### TASK DESCRIPTION
Keep the images out while you set down the data exactly.

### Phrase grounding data
◆ ◆ ◆ ◆ ◆
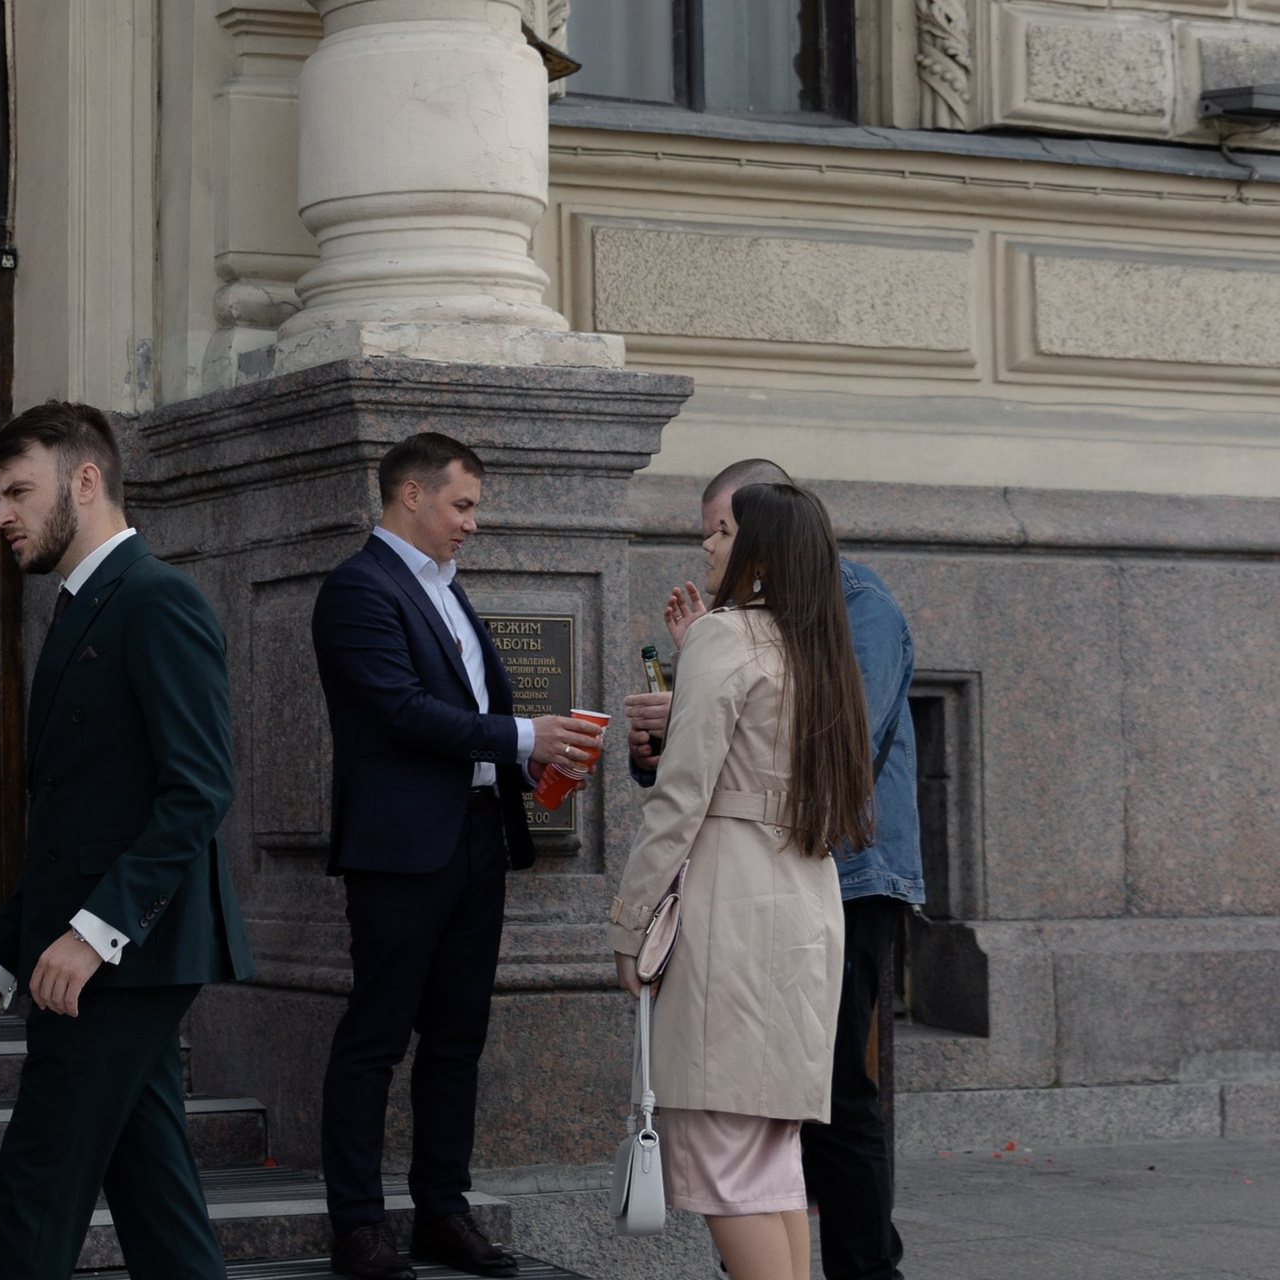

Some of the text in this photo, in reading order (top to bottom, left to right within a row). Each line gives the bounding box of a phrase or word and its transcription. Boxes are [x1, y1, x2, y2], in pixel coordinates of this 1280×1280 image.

[489, 622, 542, 635] РЕЖИМ
[506, 655, 555, 666] ЗАЯВЛЕНИЙ
[504, 666, 562, 675] ЧЕНИИ БРАКА
[512, 690, 548, 699] ХОДНЫХ
[512, 704, 552, 712] ГРАЖДАН
◆ ◆ ◆ ◆ ◆
### WRITTEN SOLUTION
Some of the text in this photo, in reading order (top to bottom, left to right within a row). Each line gives the bounding box of a phrase or word and its transcription. Boxes are [x1, y1, x2, y2], in pixel coordinates of this 1280×1280 image.

[489, 622, 542, 635] РЕЖИМ
[506, 655, 555, 666] ЗАЯВЛЕНИЙ
[504, 666, 562, 675] ЧЕНИИ БРАКА
[512, 690, 548, 699] ХОДНЫХ
[512, 704, 552, 712] ГРАЖДАН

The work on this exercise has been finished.